Détendue, je ne sentais plus la douleur des contractions grâce à l'anesthésie. Je fixais le petit cœur sur l'écran du monitoring. Dans un état second, j'ai vu que son rythme ralentissait. Je savais que quelque chose n'allait pas, mais je n'avais pas la force de réagir. Puis brusquement tout s'est accéléré. Trois personnes ont fait irruption dans la pièce. L'infirmière, dans la précipitation, a tiré trop fort sur le fil de la perfusion en voulant me changer de brancard, et la douleur m'a brutalement sortie de ma torpeur. Je n'ai pas eu le temps de dire au revoir à Jean. Je voyais les néons défiler au dessus de ma tête, comme dans un film dont j'étais la spectatrice, tandis qu'on me transportait au bloc opératoire. Puis j'ai entendu une voix masculine, celle de l'obstétricien : « On essaie les forceps. Non, c'est trop tard : on césarise. »
Ce dernier mot m'a glacé le sang. J'ignorais jusqu'alors l'existence du verbe « césariser ». L'idée qu'on m'ouvre le ventre m'était insupportable. J'ai tenté de protester, mais une voix féminine et autoritaire, peut-être celle de l'anesthésiste, m'a répondu, « Madame, vous n'avez pas le choix, c'est pour votre bébé », et je n'ai pas pu m'empêcher d'en vouloir à cet enfant, mon enfant. Pour la première fois de ma vie je n'avais plus le contrôle de mon corps.
Ils l'ont arraché de mon ventre et l'ont emmené dans une autre pièce. Je suis restée là, allongée, impuissante, choquée, tandis qu'on recousait ma plaie, et j'entendais le personnel médical échanger des plaisanteries à présent que le bébé était sauvé et que l'urgence était passée, comme si je n'étais pas là. Personne ne se préoccupait de moi.
Plus tard, de retour en salle de naissance, je n'ai pas pu le prendre dans mes bras. Deux heures durant son père l'a gardé contre lui. J'entendais ses pleurs lointains, mais j'étais encore sous l'effet de l'anesthésie. Je ne sentais plus mes jambes et des frissons me parcouraient le corps, malgré les couvertures qui s'empilaient. Une seule pensée m'obsédait : comment serai-je en mesure de prendre soin de ce bébé alors que je ne pouvais même pas me tenir debout, que jamais je n'avais ressenti un telle fatigue ? Une sage femme m'a proposé de le mettre au sein. N'en avais-je pas déjà assez fait pour ce bébé ? Je n'avais plus rien à lui donner, il m'avait déjà pris toute mon énergie, mais cette femme semblait trouver normal de suggérer que je l'allaite. Alors je lui ai simplement dit que c'était au-dessus de mes forces, et même si je n'étais qu'à demi consciente, le spectacle de cette inconnue donnant son premier biberon à mon enfant avait un goût de défaite.

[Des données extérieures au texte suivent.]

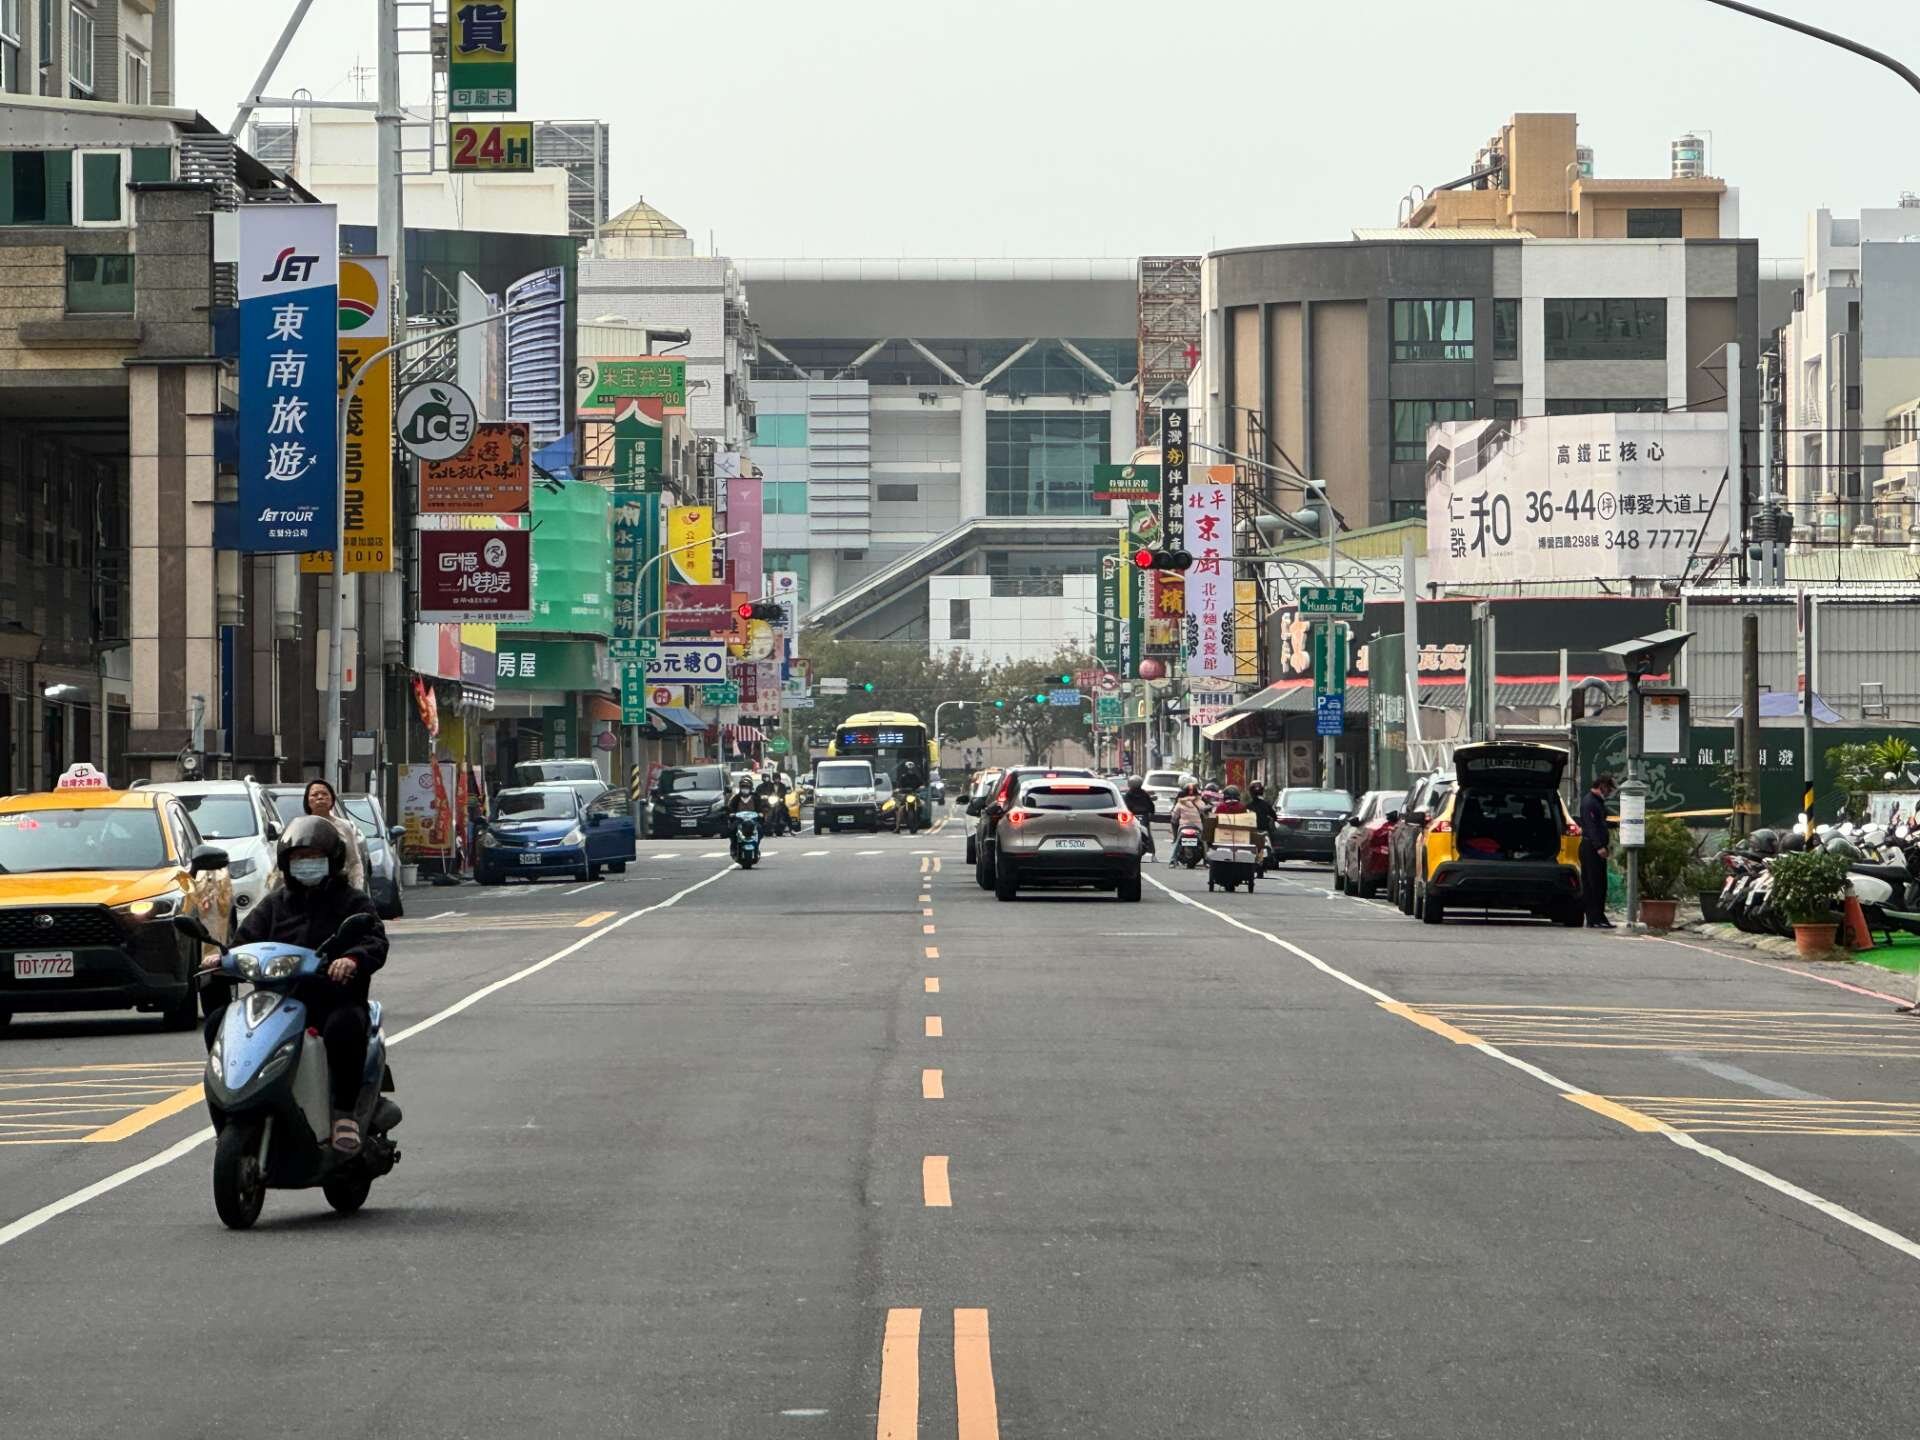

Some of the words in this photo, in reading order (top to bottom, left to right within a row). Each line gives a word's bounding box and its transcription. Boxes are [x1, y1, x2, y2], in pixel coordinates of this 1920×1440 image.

[457, 4, 507, 53] 貨
[456, 90, 509, 105] 可刷卡
[455, 127, 528, 165] 24H
[265, 303, 313, 480] 東南旅遊
[416, 414, 469, 442] ICE
[1557, 442, 1665, 465] 高鐵正核心
[1189, 491, 1226, 510] 北平
[1526, 490, 1596, 523] 36-44
[1618, 494, 1711, 515] 博愛大道上
[1605, 529, 1640, 549] 348
[1647, 529, 1698, 549] 7777
[497, 652, 537, 678] 房屋
[15, 958, 72, 976] TDT-7722
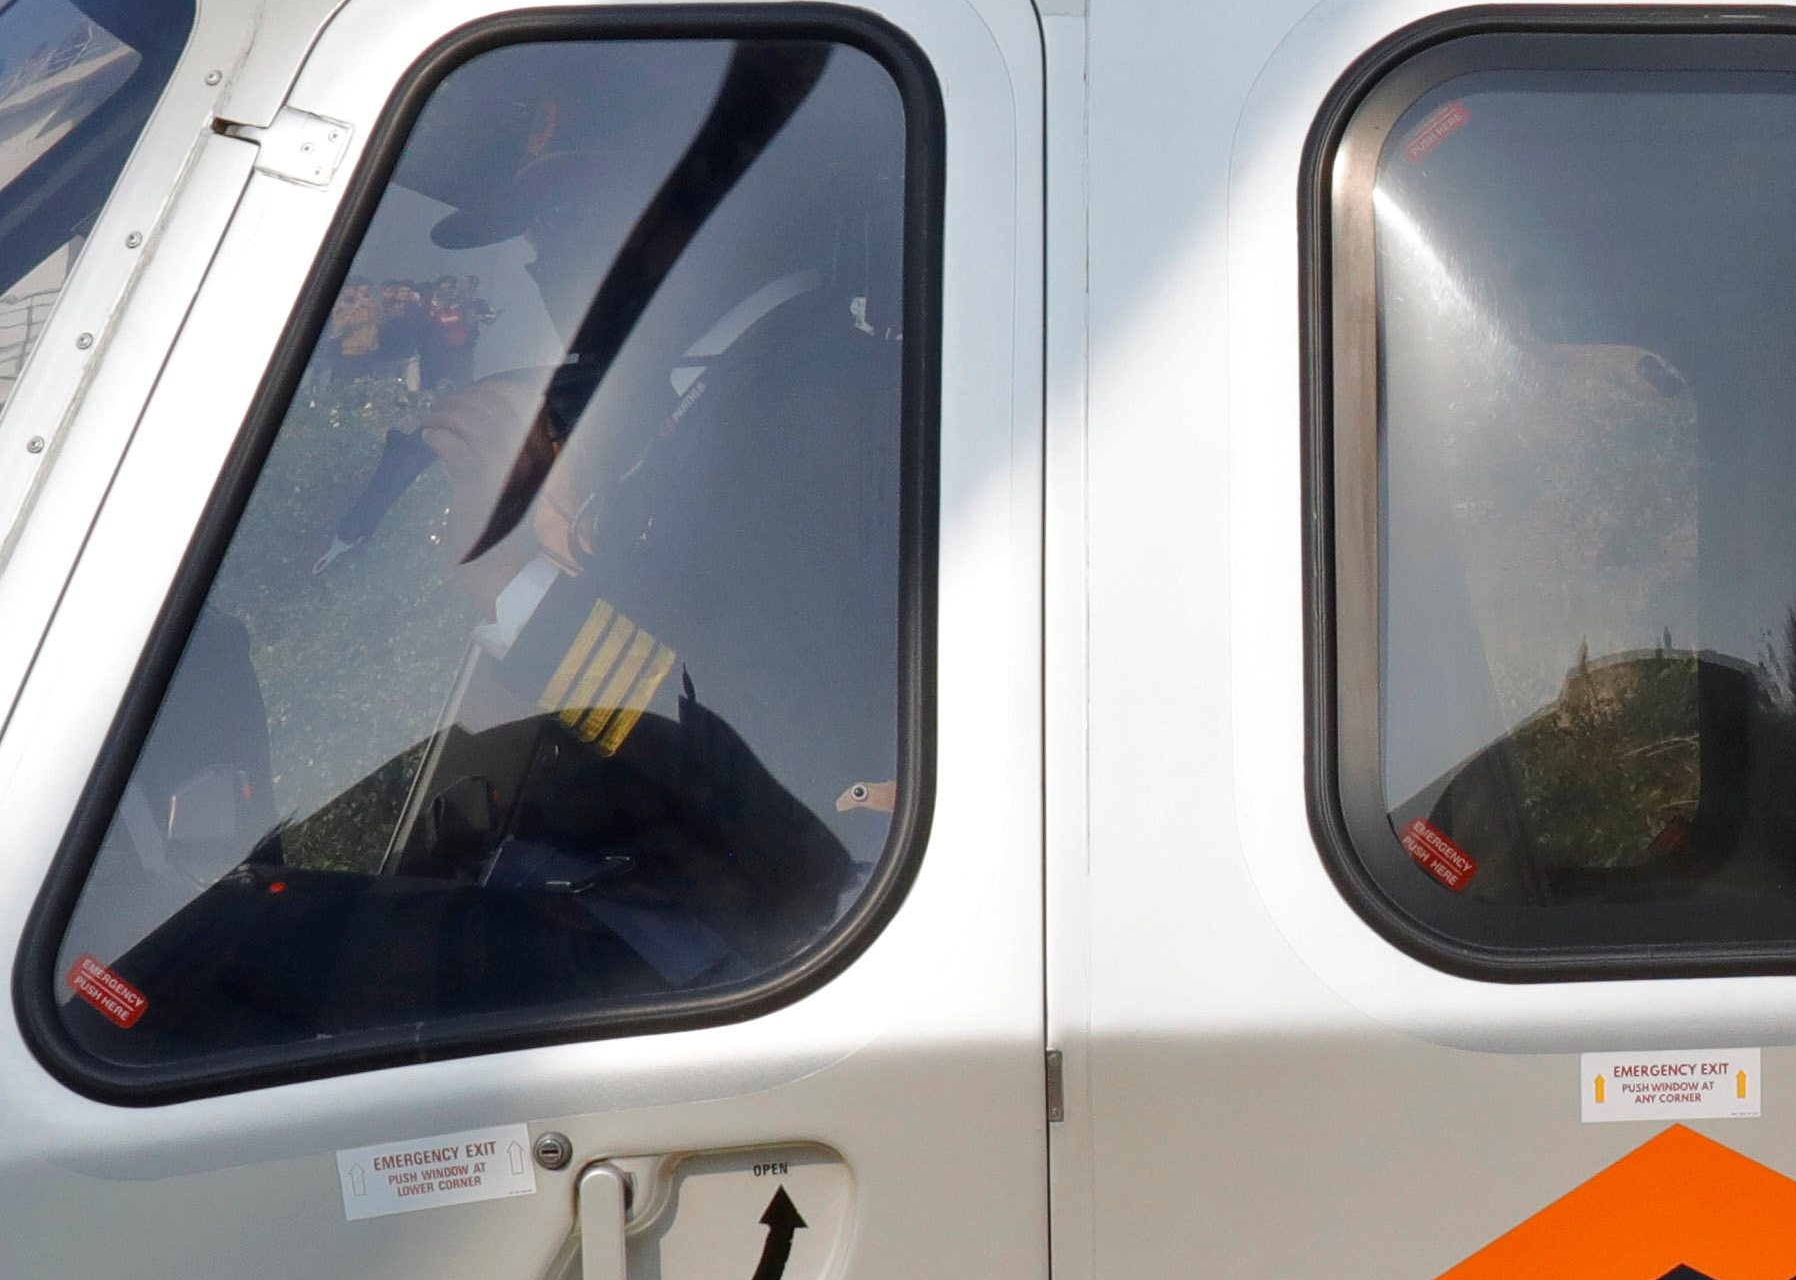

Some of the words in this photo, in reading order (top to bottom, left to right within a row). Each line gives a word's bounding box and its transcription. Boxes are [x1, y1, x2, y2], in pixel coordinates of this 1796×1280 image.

[1413, 821, 1473, 872] EMERGENCY
[1402, 836, 1431, 862] PUSH
[1430, 859, 1459, 886] HERE
[82, 958, 144, 1008] EMERGENCY
[73, 975, 103, 1001] PUSH
[100, 995, 130, 1022] HERE
[1613, 1063, 1698, 1078] EMERGENCY
[1701, 1062, 1730, 1076] EXIT
[1622, 1082, 1649, 1093] PUSH
[1651, 1081, 1699, 1092] WINDOW
[1701, 1081, 1715, 1091] AT
[1634, 1094, 1657, 1105] ANY
[1659, 1092, 1702, 1104] CORNER
[373, 1145, 460, 1172] EMERGENCY
[466, 1141, 497, 1158] EXIT
[388, 1171, 418, 1186] PUSH
[421, 1164, 470, 1182] WINDOW
[473, 1161, 487, 1174] AT
[753, 1162, 789, 1178] OPEN
[397, 1182, 435, 1198] LOWER
[438, 1176, 483, 1192] CORNER

Puis on m'a transportée dans ma chambre, toujours sur un brancard. Jean suivait en poussant le berceau dans lequel il avait déposé le bébé endormi. C'était une chambre individuelle, confortable, avec vue sur la Tour Eiffel. La sage femme m'a demandé si je souhaitais que le bébé reste avec moi pour la nuit ou si je préférais qu'elle l'emmène à la nurserie. Je l'ai regardée d'un air incrédule : se moquait-elle de moi ? Comment s'imaginait-elle que je pouvais m'occuper de mon bébé seule pendant toute une nuit alors que je ne sentais toujours pas mes jambes ? En voyant mon expression elle n'a pas attendu ma réponse et a emporté le bébé. Jean m'a dit bonne nuit et il est parti.
À présent que je me retrouve seule dans cette chambre, je ne peux pas m'empêcher de repenser à la première fois. Tout s'était passé comme je l'avais espéré. Jean avait assisté à l'accouchement, il avait coupé le cordon, puis il avait posé Abel sur mon ventre, et je ne l'avais plus quitté. Je m'en veux de ne pas être auprès de lui aujourd'hui, mais je dois rester à la maternité pour m'occuper de son frère qui vient de naître. J'espère qu'il ne m'en voudra pas. Il a tellement l'habitude de m'avoir toute à lui. On peut dire que notre relation est fusionnelle, Jean me l'a souvent reproché, mais je ne conçois pas la maternité autrement. Je ne peux pas l'aimer moins fort. Je l'ai porté dans mon ventre, il est sorti de moi, nous sommes liés pour la vie.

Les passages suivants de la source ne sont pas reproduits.